9 CFR 203.14 - Statement with respect to advertising allowances and other merchandising payments and services.

§ 203.14 Statement with respect to advertising allowances and other merchandising payments and services.
The Guidelines
1. Who is a customer? (a) A customer is a person who buys for resale directly from the packer, or through the packer's agent or broker; and in addition, a customer is any buyer of the packer's product for resale who purchases from or through a wholesaler or other intermediate reseller.
(Note:
In determining whether a packer has fulfilled its obligations toward its customers, the Grain Inspection, Packers and Stockyards Administration (Packers and Stockyards Programs) will recognize that there may be some exceptions to this general definition of “customer.” For example, the purchaser of distress merchandise would not be considered a “customer” simply on the basis of such purchase. Similarly, a retailer who purchases solely from other retailers or one who makes only sporadic purchases, or one who does not regularly sell the packer's product or who is a type of retail outlet not usually selling such products will not be considered a “customer” of the packer unless the packer has been put on notice that such retailer is selling its product.)
(b) Competing customers are all businesses that compete in the resale of the packer's products of like grade and quality at the same functional level of distribution, regardless of whether they purchase direct from the packer or through some intermediary.
Example:
A packer sells directly to some independent retailers, sells to the headquarters of chains and of retailer-owned cooperatives, and also sells to wholesalers. The direct-buying independent retailers, the headquarters of chains and of retailer-owned cooperatives, and the wholesalers' independent retailer customers are customers of the packer. Individual retail outlets which are part of the chains or members of the retailer-owned cooperatives are not customers of the packer.
2. Definition of services. Services are any kind of advertising or promotion of a packer's product, including but not limited to, cooperative advertising, handbills, window and floor displays, demonstrators and demonstrations, customer coupons, and point of purchase activity.

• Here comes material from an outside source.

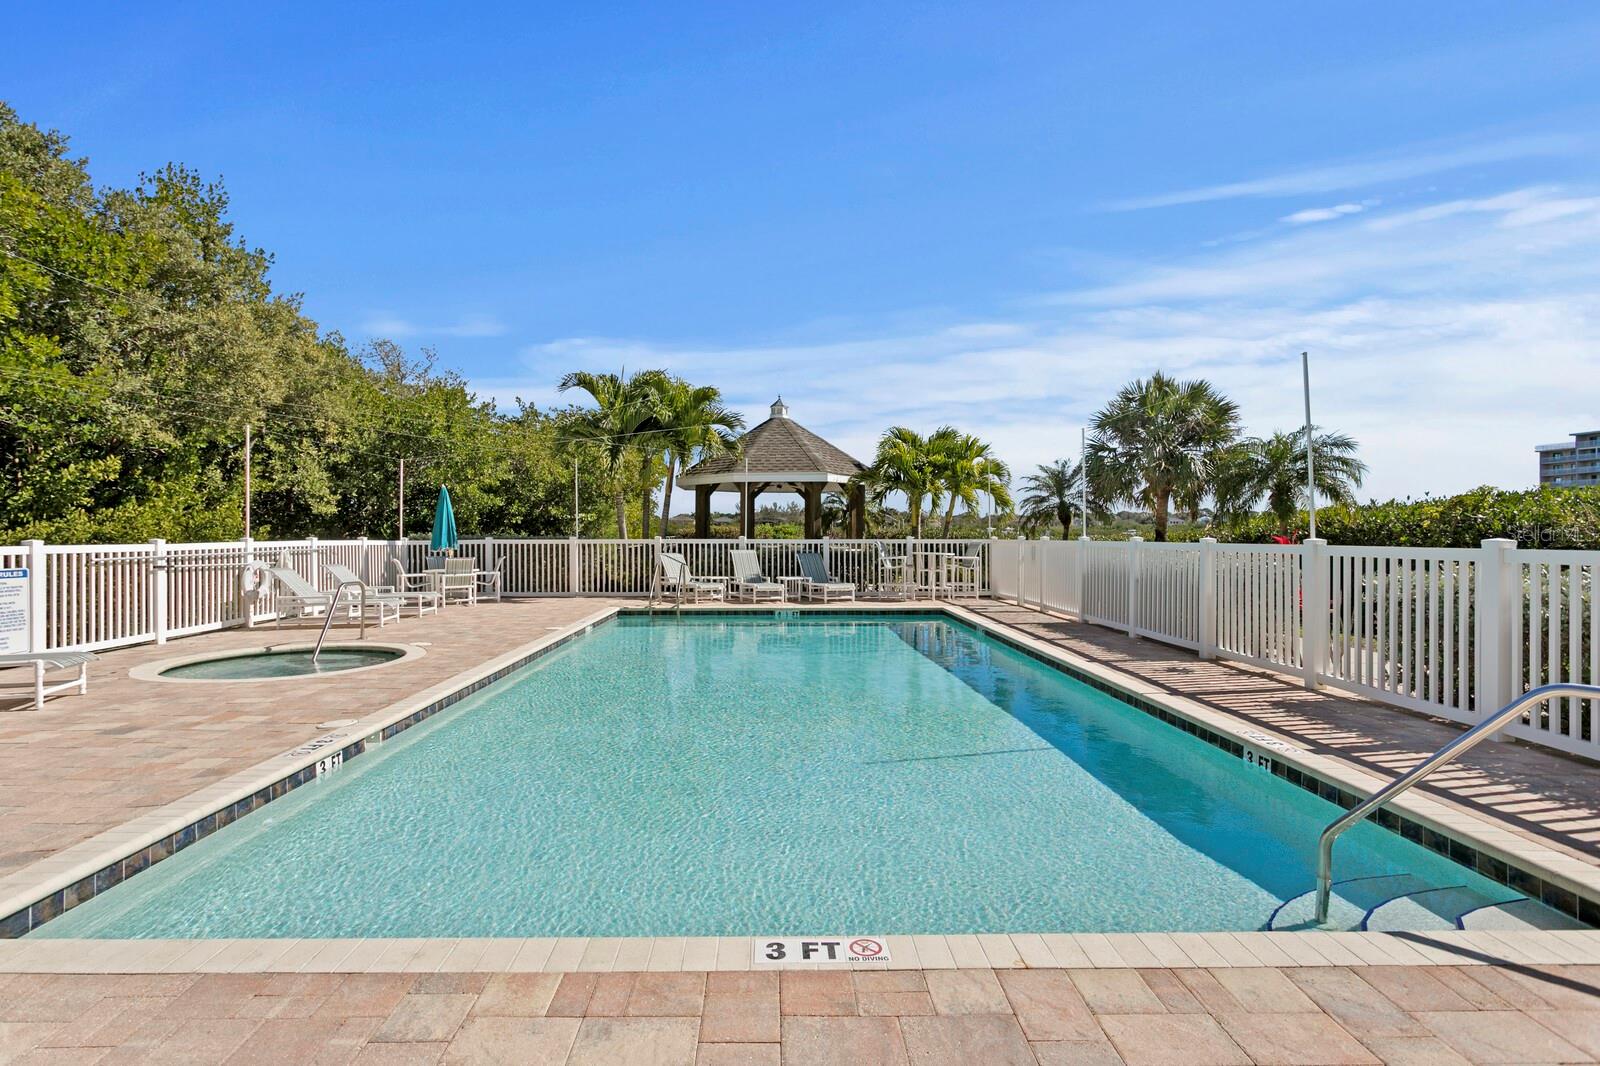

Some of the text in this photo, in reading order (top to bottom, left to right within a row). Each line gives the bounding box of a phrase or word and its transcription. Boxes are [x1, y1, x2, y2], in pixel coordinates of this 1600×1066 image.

3. Need for a plan. If a packer makes payments or furnishes services, it should do so under a plan that meets several requirements. If there are many competing customers to be considered, or if the plan is at all complex, the packer would be well advised to put its plan in writing. The requirements are:
(a) Proportionally equal terms—The payments or services under the plan should be made available to all competing customers on proportionally equal terms. This means that payments or services should be made proportionately on some basis that is fair to all customers who compete in the resale of the packer's products. No single way to achieve the proper proportion is prescribed, and any method that treats competing customers on proportionally equal terms may be used. Generally, this can best be done by basing the payments made or the services furnished on the dollar volume or on the quantity of goods purchased during a specified period. Other methods which are fair to all competing customers are also acceptable.
Example 1:
A packer may properly offer to pay a specified part (say 50 percent) of the cost of local advertising up to an amount equal to a set percentage (such as 5 percent) of the dollar volume of such purchases during a specified time.
Example 2:
A packer may properly place in reserve for each customer a specified amount of money for each unit purchased and use it to reimburse those customers for the cost of advertising and promoting the packer's product during a specified time.
Example 3:
A packer's plan should not provide an allowance on a basis that has rates graduated with the amount of goods purchased, as for instance, 1 percent of the first $1,000 purchases per month, 2 percent on second $1,000 per month, and 3 percent on all over that.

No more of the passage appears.